Mother Earth Housing — Solid Earth Communities

Mother Earth gives us a way to build affordable, durable housing that also helps to grow community.
Mother Earth Housing has significant advantages:  Solid earth.  Local soil.  Common ground.  Dirt cheap.

Our nonprofit doesn’t think we have “the answer” to a crisis this enormous.  Our country needs more than a magic “solution.”  We need solution paths that bring stakeholders together.  Solid Earth Communities, our nonprofit, wants to be a resource in this effort.  We’ve learned to create common ground while also building affordable housing.    

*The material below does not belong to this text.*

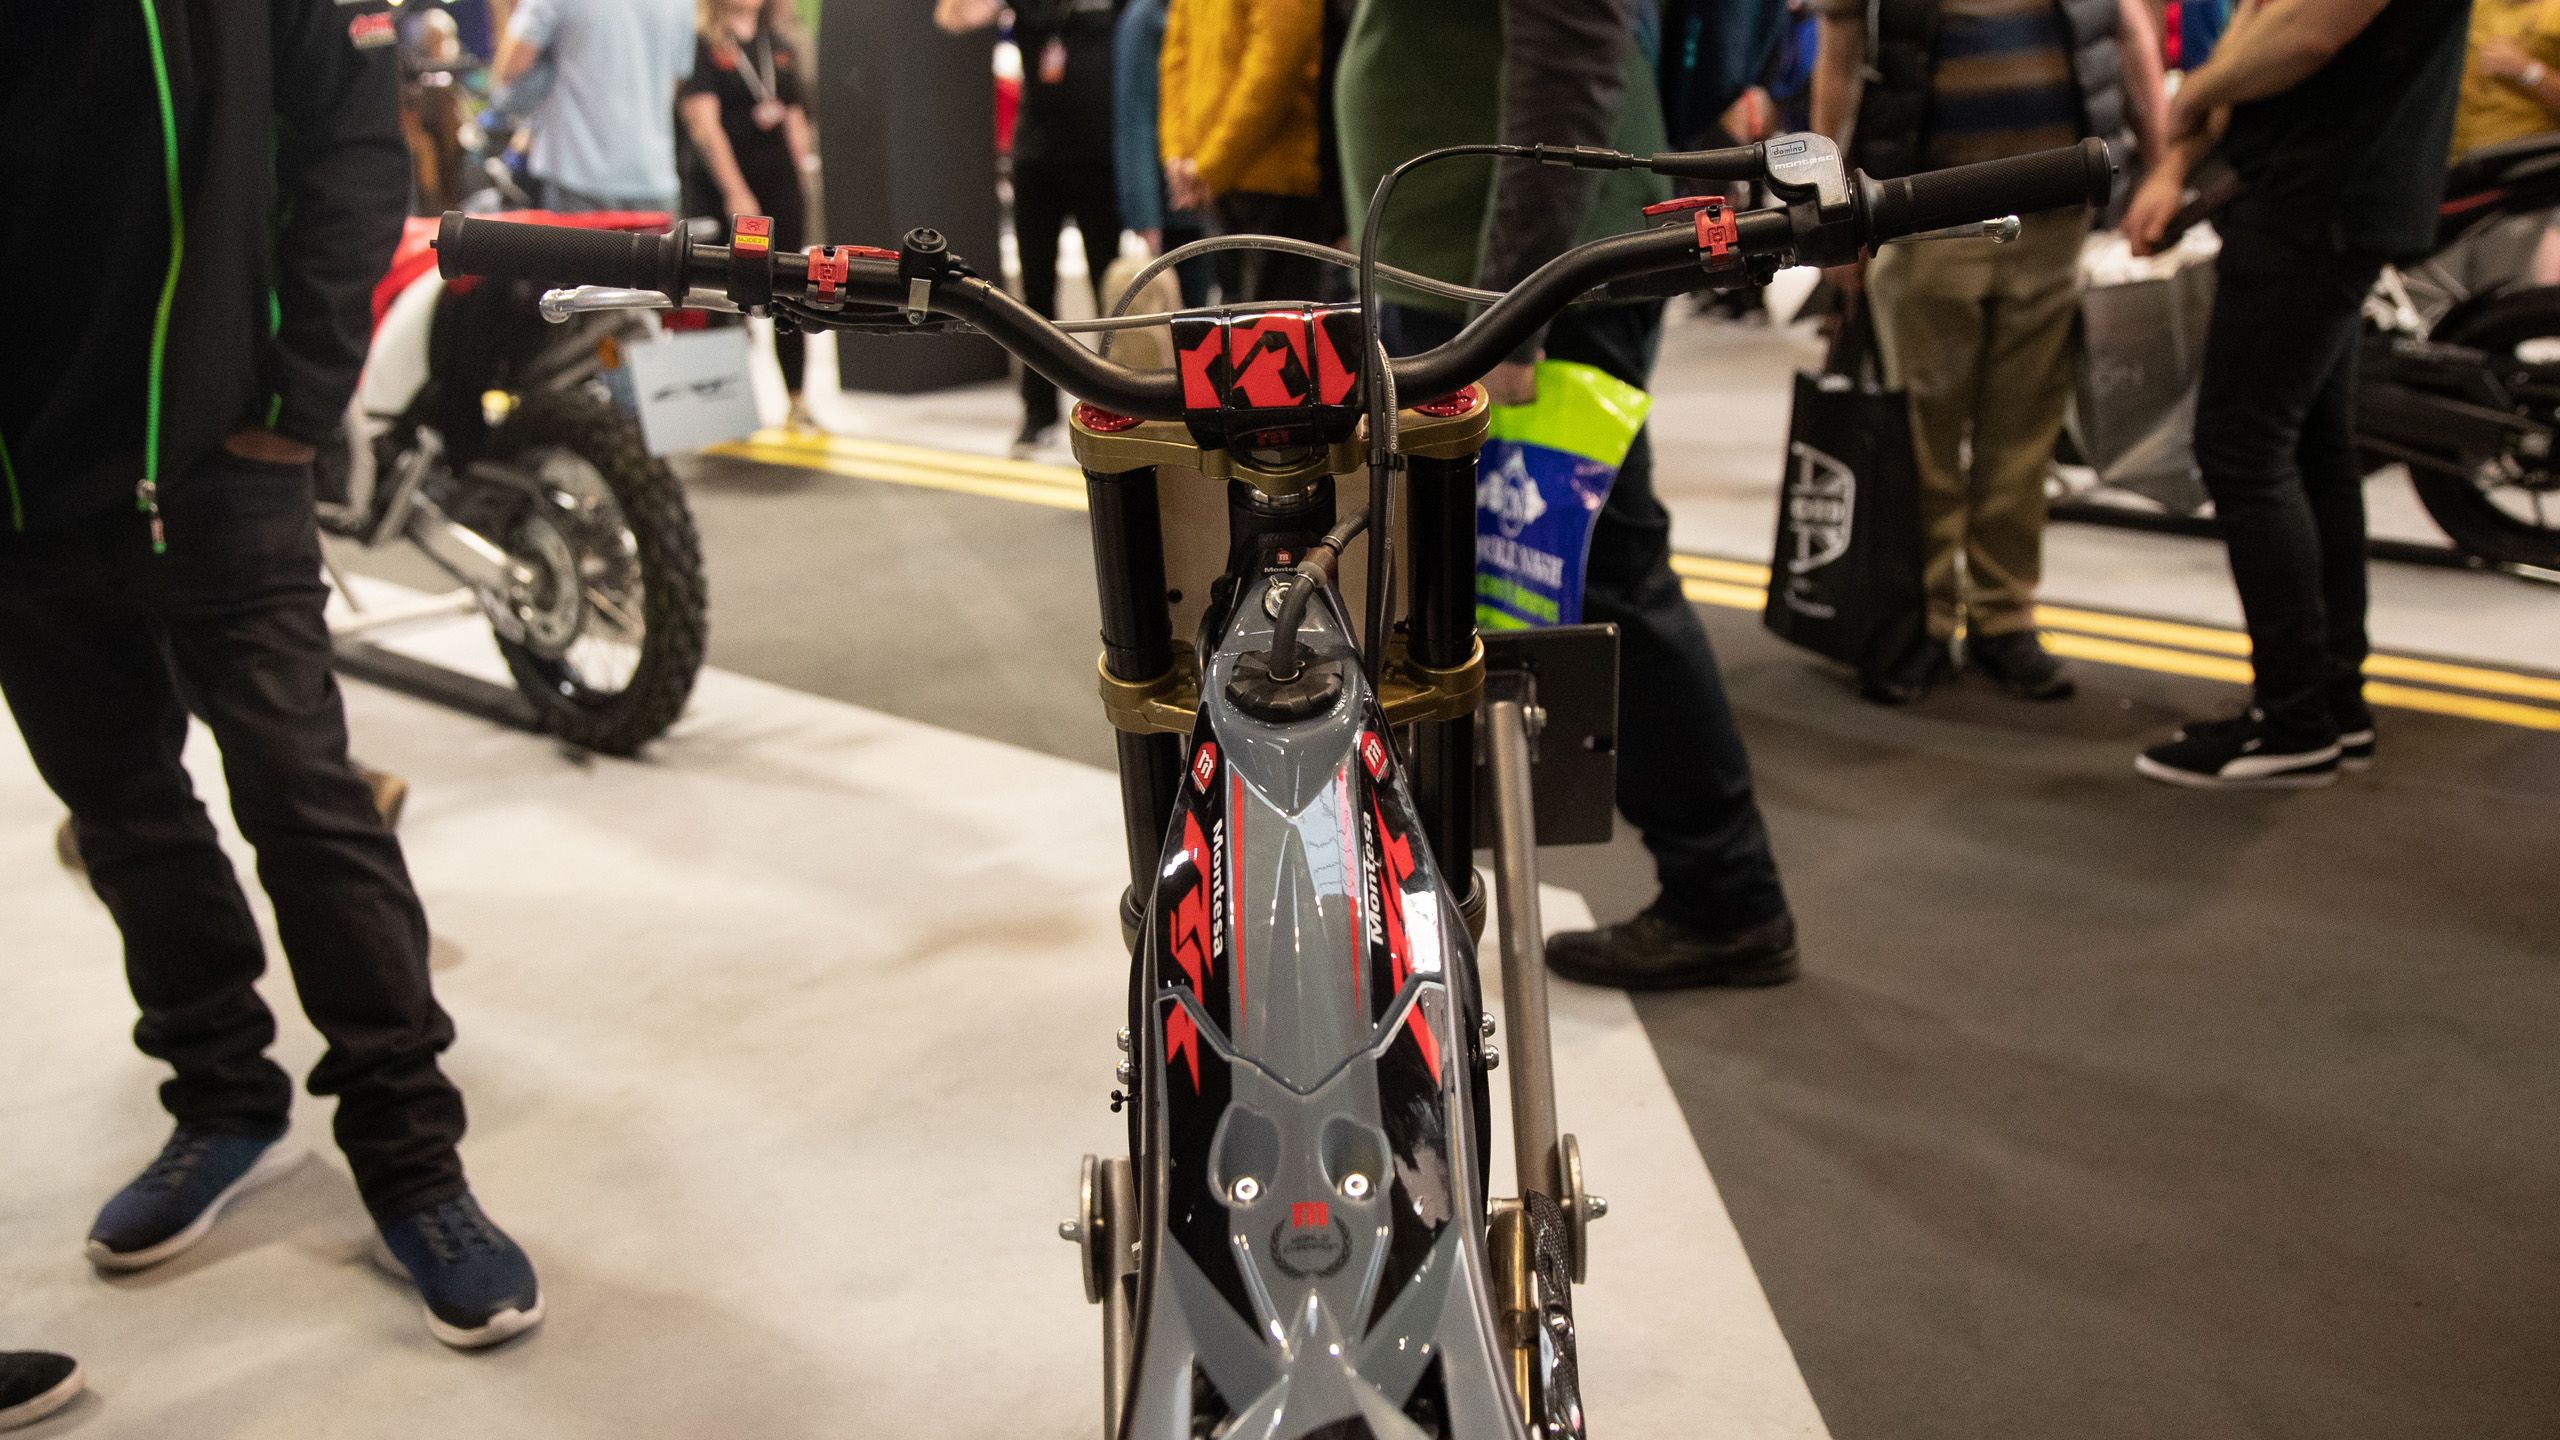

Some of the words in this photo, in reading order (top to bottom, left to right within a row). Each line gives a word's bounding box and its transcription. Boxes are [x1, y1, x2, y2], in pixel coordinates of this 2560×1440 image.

[1773, 145, 1803, 156] domino
[1213, 818, 1225, 959] Montesa
[1363, 811, 1384, 945] Montesa

  •    We’ve done it.  We built a 2,500-sq ft. showroom in Juarez, Mexico; the city also used our machine to build walls in local parks.  Villagers in Tibet learned to use our machine and built 50 houses.  Work crews at the Pine Ridge Reservation built both a house and solar-powered office with our machine.  Our machine was used in West Virginia to build dorms at a science camp.  This ancient—and now updated—approach to home-building still works just fine. 
  •    Our portable, patented machine makes compressed-earth blocks (CEB) that emerge tongue-in-groove from it,    so the blocks can be dry-stacked and cured for a week, ready to build solid earth walls without the need for mortar.  
  •    We build using sub-soil found almost anywhere, using a little Portland cement as a binder—all of it compressed by our machine’s diesel engine.  Our machine was designed using off-the-shelf parts, and was designed without computer chips so it can be used in rough terrain and can be repaired in the field with commonly available parts. 
  •  We create jobs.  We need 4-6 workers to run our machine and stack blocks to cure.  Future residents can be hired     to help build their own housing—and working alongside each other creates neighbors, even before they move in. 

Mother Earth Housing built with our CEB machine offers benefits in cost, durability—and in comfort.

  •  No supply-chain issues.  Using common sub-soil means no delay getting building material.  It’s already on-site.   
  • Low-cost.  CEB housing is truly affordable.  And if future residents help by stacking blocks, this reduces the cost of hiring construction professionals to perform this repetitive and time-consuming but necessary task. 
  • Durable.  After a 2019 “climate bomb” flooded homes across the Lakota Nation at Pine Ridge, destroying many structures, among the few left standing were the house and office built with our machine.  Despite sitting for days in 3 feet of water, our pressurized earth-blocks remained solid and intact.  They had not turned to mud. 
  •  Fire-proof.  Sound-proof.  Thermally efficient.  Since earth does not burn, CEB houses are fire-proof.  And at    12 inches thick, CEB walls are sound-proof.  And with only one heat-transfer in 24 hours, not 10-20 as in “stick” houses, CEB houses need far less heating or air conditioning, thereby cutting future ownership costs significantly. 
  • Comfortable—and in a way that can be healing.  Owners of CEB houses report feeling “hugged” by their walls, since the soil in the walls retains vitality.  Ask any gardener: touching Mother Earth feels good.  For people who have undergone the trauma of homelessness, the experience of living in a Mother Earth house can be healing.